> [Work instructions]: Transcribe all of the records word for word, please, omitting the pictures.

== Entries shown

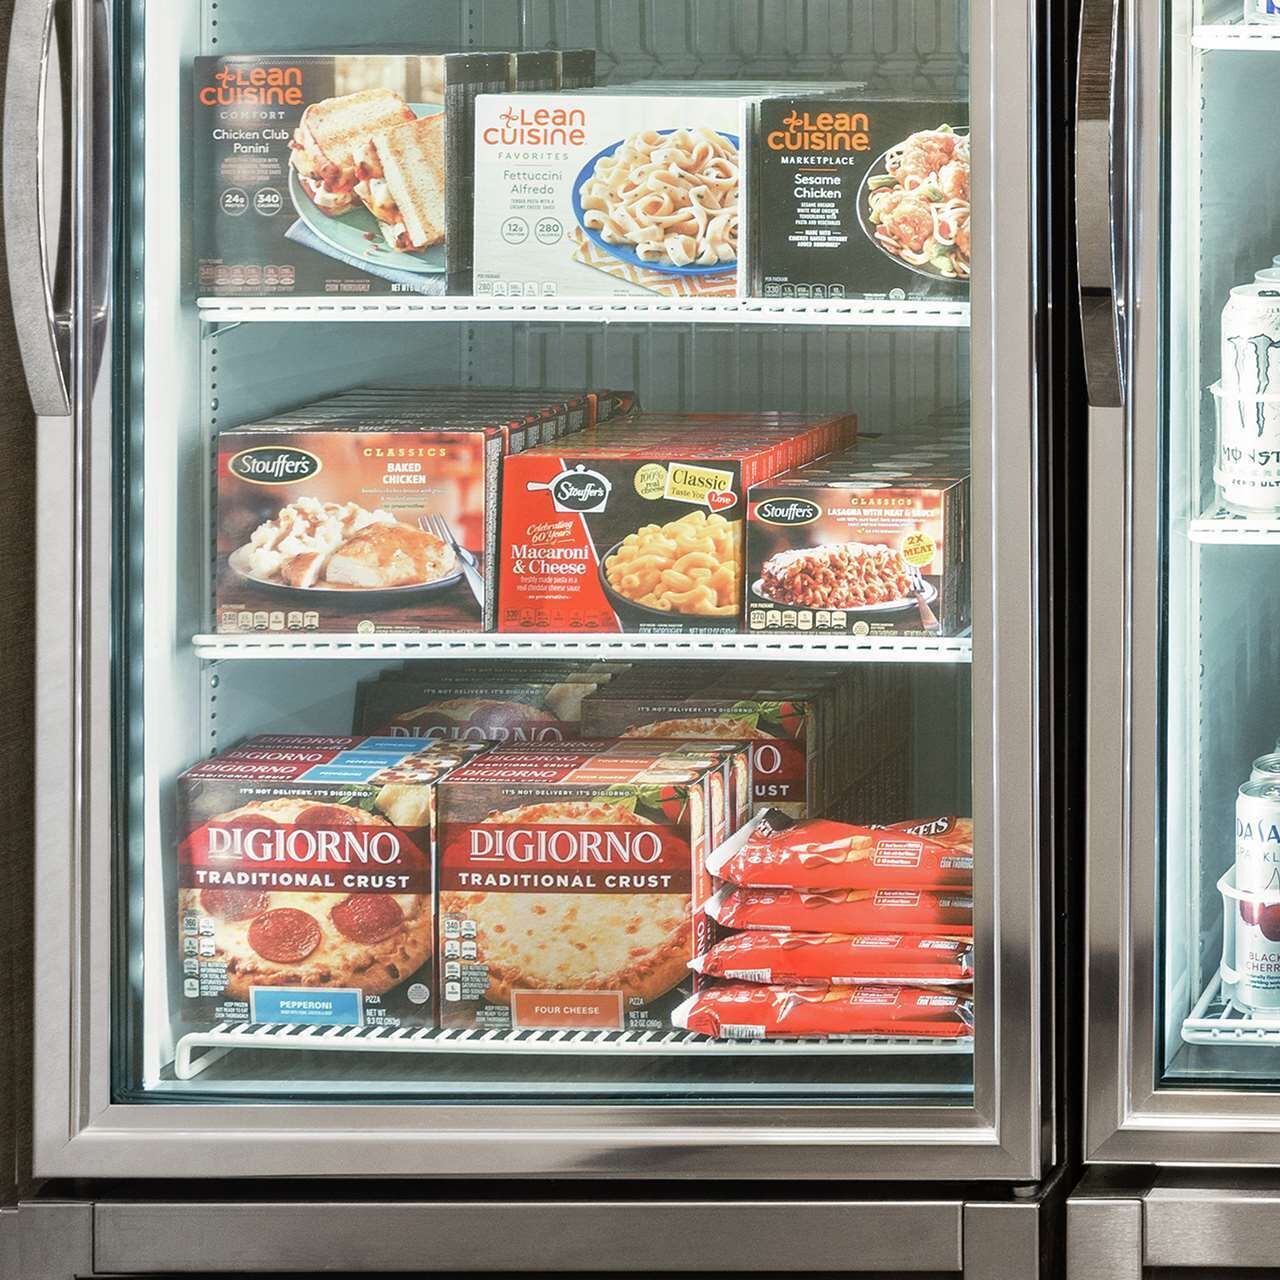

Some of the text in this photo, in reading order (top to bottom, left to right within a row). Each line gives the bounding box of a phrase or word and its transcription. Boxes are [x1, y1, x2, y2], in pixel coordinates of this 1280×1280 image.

[213, 129, 289, 140] Chicken Club
[234, 143, 269, 153] Panini
[498, 152, 568, 160] FAVORITES
[781, 157, 855, 165] MARKETPLACE
[504, 170, 562, 181] Fettuccini
[795, 174, 841, 185] Sesame
[511, 184, 554, 194] Alfredo
[794, 188, 841, 199] Chicken
[258, 195, 279, 203] 340
[539, 224, 559, 232] 280
[364, 448, 447, 457] CLASSICS
[240, 455, 310, 475] Stouffer's
[388, 463, 422, 473] BAKED
[382, 474, 426, 484] CHICKEN
[673, 470, 726, 490] Classic
[558, 482, 604, 501] Stouffer's
[762, 504, 813, 520] Stouffer's
[511, 545, 589, 559] Macaroni
[903, 545, 932, 557] MEAT
[513, 560, 586, 574] & Cheese
[208, 828, 400, 864] DIGIORNO
[470, 830, 662, 863] DIGIORNO
[197, 871, 410, 888] TRADITIONAL CRUST
[459, 873, 672, 888] TRADITIONAL CRUST
[280, 1001, 332, 1010] PEPPERONI
[535, 1006, 600, 1015] FOUR CHEESE
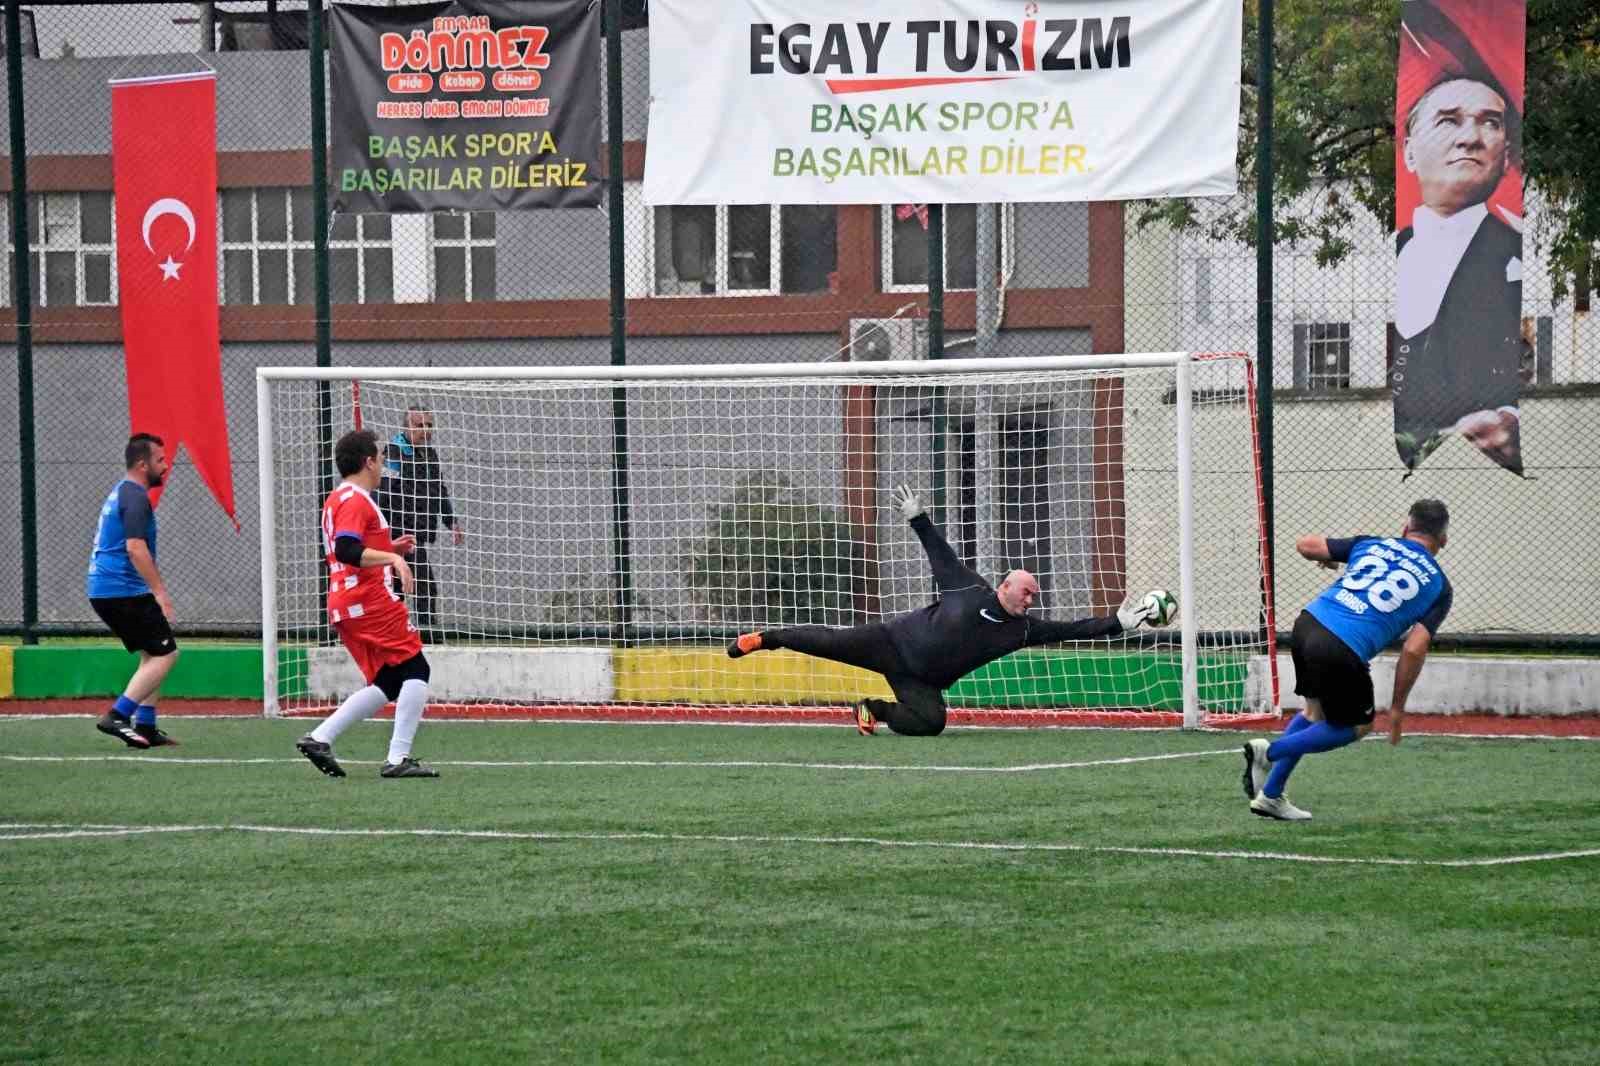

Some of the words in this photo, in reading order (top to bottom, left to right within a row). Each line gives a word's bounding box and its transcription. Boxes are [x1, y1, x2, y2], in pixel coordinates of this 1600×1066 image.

[433, 16, 490, 32] EMRAH
[750, 21, 891, 75] EGAY
[399, 77, 423, 90] pide
[498, 74, 534, 87] döner
[377, 101, 422, 118] HERKES
[424, 99, 459, 118] DÖNER
[461, 100, 502, 117] EMRAH
[810, 102, 927, 140] BAŞAK
[938, 100, 1074, 132] SPOR'A
[368, 135, 457, 163] BAŞAK
[464, 131, 558, 157] SPOR'A
[341, 167, 482, 197] BAŞARILAR
[490, 159, 588, 189] DİLERİZ
[773, 146, 968, 184] BAŞARILAR
[1342, 555, 1419, 613] 08

====

> [Reply to the exercise]:
Some of the text in this photo, in reading order (top to bottom, left to right within a row). Each line gives the bounding box of a phrase or word and its transcription. Boxes are [x1, y1, x2, y2], in pixel coordinates of this 1280×1280 image.

[213, 129, 289, 140] Chicken Club
[234, 143, 269, 153] Panini
[498, 152, 568, 160] FAVORITES
[781, 157, 855, 165] MARKETPLACE
[504, 170, 562, 181] Fettuccini
[795, 174, 841, 185] Sesame
[511, 184, 554, 194] Alfredo
[794, 188, 841, 199] Chicken
[258, 195, 279, 203] 340
[539, 224, 559, 232] 280
[364, 448, 447, 457] CLASSICS
[240, 455, 310, 475] Stouffer's
[388, 463, 422, 473] BAKED
[382, 474, 426, 484] CHICKEN
[673, 470, 726, 490] Classic
[558, 482, 604, 501] Stouffer's
[762, 504, 813, 520] Stouffer's
[511, 545, 589, 559] Macaroni
[903, 545, 932, 557] MEAT
[513, 560, 586, 574] & Cheese
[208, 828, 400, 864] DIGIORNO
[470, 830, 662, 863] DIGIORNO
[197, 871, 410, 888] TRADITIONAL CRUST
[459, 873, 672, 888] TRADITIONAL CRUST
[280, 1001, 332, 1010] PEPPERONI
[535, 1006, 600, 1015] FOUR CHEESE

Some of the words in this photo, in reading order (top to bottom, left to right within a row). Each line gives a word's bounding box and its transcription. Boxes are [x1, y1, x2, y2], in pixel coordinates of this 1600×1066 image.

[433, 16, 490, 32] EMRAH
[750, 21, 891, 75] EGAY
[399, 77, 423, 90] pide
[498, 74, 534, 87] döner
[377, 101, 422, 118] HERKES
[424, 99, 459, 118] DÖNER
[461, 100, 502, 117] EMRAH
[810, 102, 927, 140] BAŞAK
[938, 100, 1074, 132] SPOR'A
[368, 135, 457, 163] BAŞAK
[464, 131, 558, 157] SPOR'A
[341, 167, 482, 197] BAŞARILAR
[490, 159, 588, 189] DİLERİZ
[773, 146, 968, 184] BAŞARILAR
[1342, 555, 1419, 613] 08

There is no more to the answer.